### Required action
Set down the full listing below word for word; pictures stay out of the copy.

** Study material follows **

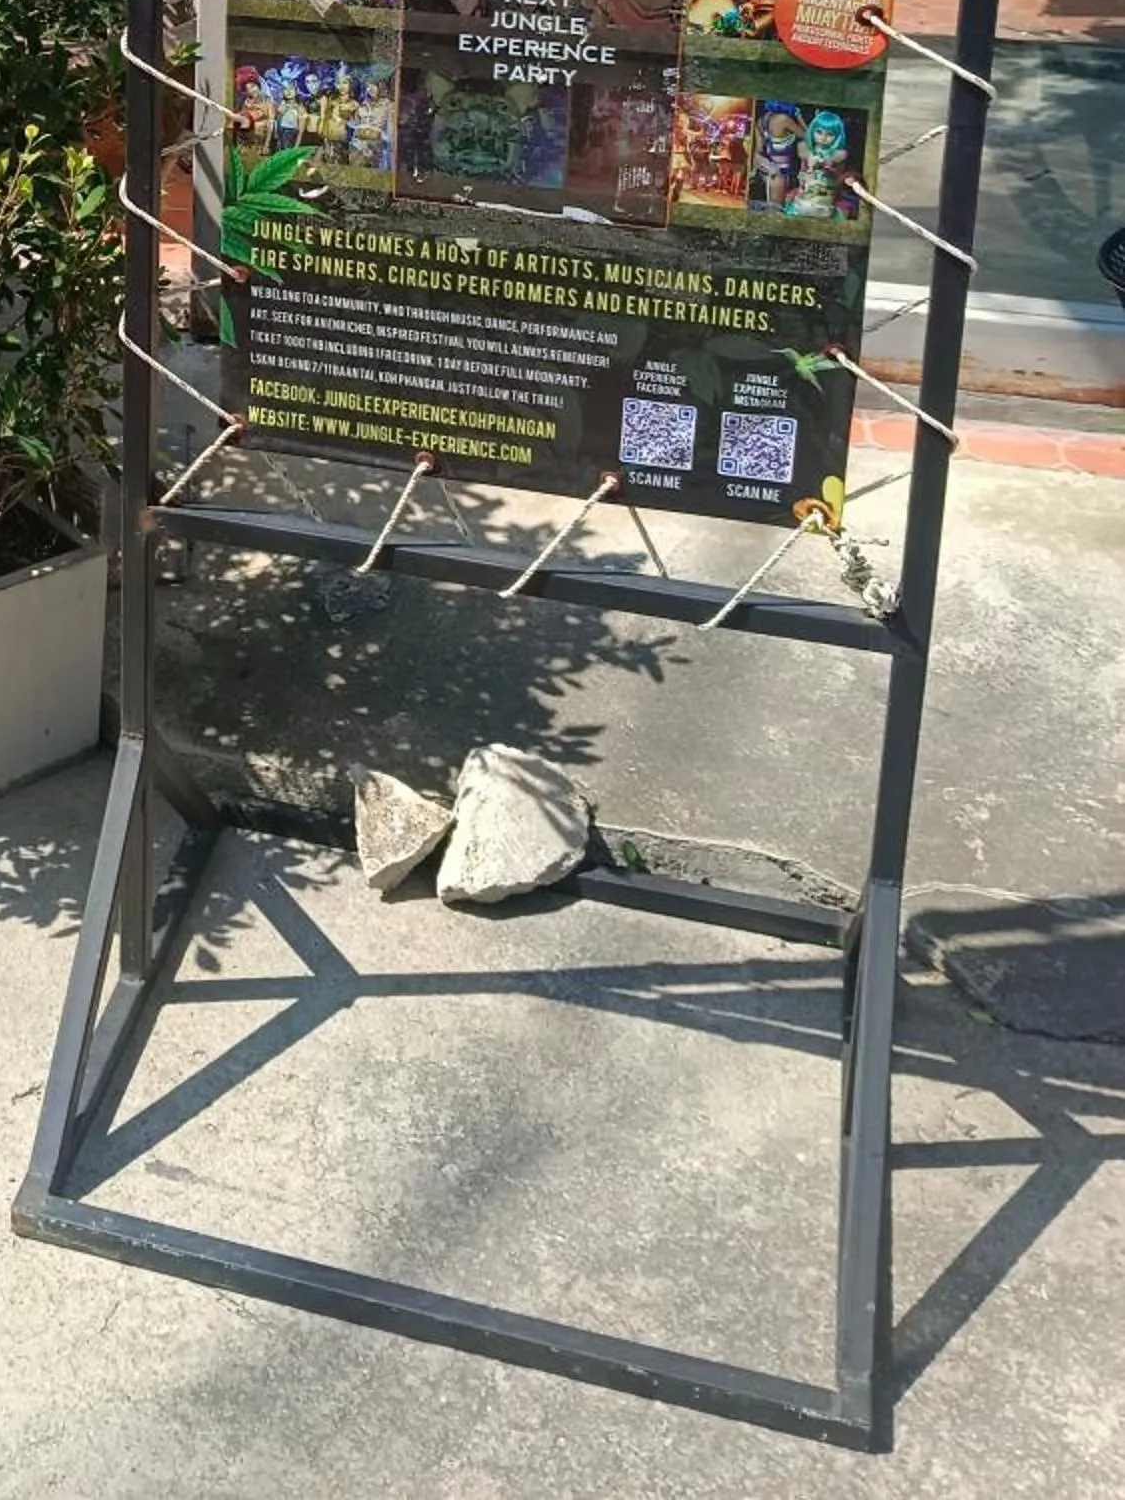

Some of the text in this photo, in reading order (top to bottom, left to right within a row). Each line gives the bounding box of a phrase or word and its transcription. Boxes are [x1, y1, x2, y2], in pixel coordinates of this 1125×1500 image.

[490, 11, 586, 35] JUNGLE
[458, 33, 616, 65] EXPERIENCE
[493, 63, 578, 87] PARTY
[251, 219, 314, 245] JUNGLE
[320, 228, 415, 258] WELCOMES
[420, 241, 431, 259] A
[436, 243, 483, 266] HOST
[488, 249, 508, 268] OF
[251, 248, 288, 270] FIRE
[388, 265, 452, 291] CIRCUS
[457, 273, 577, 307] PERFORMERS
[583, 291, 620, 314] AND
[521, 321, 595, 343] PERFORMANCE
[597, 331, 618, 346] AND
[250, 377, 321, 404] FACEBOOK:
[633, 370, 688, 387] EXPERIENCE
[636, 382, 681, 397] FACEBOOK
[733, 383, 788, 399] EXPERIENCE
[247, 405, 532, 465] WEBSITE: WWW.JUNGLE-EXPERIENCE.COM
[628, 471, 682, 490] SCAN ME
[726, 483, 781, 503] SCAN ME

** End of Study material **

### Answer box
Some of the text in this photo, in reading order (top to bottom, left to right within a row). Each line gives the bounding box of a phrase or word and its transcription. Boxes are [x1, y1, x2, y2], in pixel coordinates of this 1125×1500 image.

[490, 11, 586, 35] JUNGLE
[458, 33, 616, 65] EXPERIENCE
[493, 63, 578, 87] PARTY
[251, 219, 314, 245] JUNGLE
[320, 228, 415, 258] WELCOMES
[420, 241, 431, 259] A
[436, 243, 483, 266] HOST
[488, 249, 508, 268] OF
[251, 248, 288, 270] FIRE
[388, 265, 452, 291] CIRCUS
[457, 273, 577, 307] PERFORMERS
[583, 291, 620, 314] AND
[521, 321, 595, 343] PERFORMANCE
[597, 331, 618, 346] AND
[250, 377, 321, 404] FACEBOOK:
[633, 370, 688, 387] EXPERIENCE
[636, 382, 681, 397] FACEBOOK
[733, 383, 788, 399] EXPERIENCE
[247, 405, 532, 465] WEBSITE: WWW.JUNGLE-EXPERIENCE.COM
[628, 471, 682, 490] SCAN ME
[726, 483, 781, 503] SCAN ME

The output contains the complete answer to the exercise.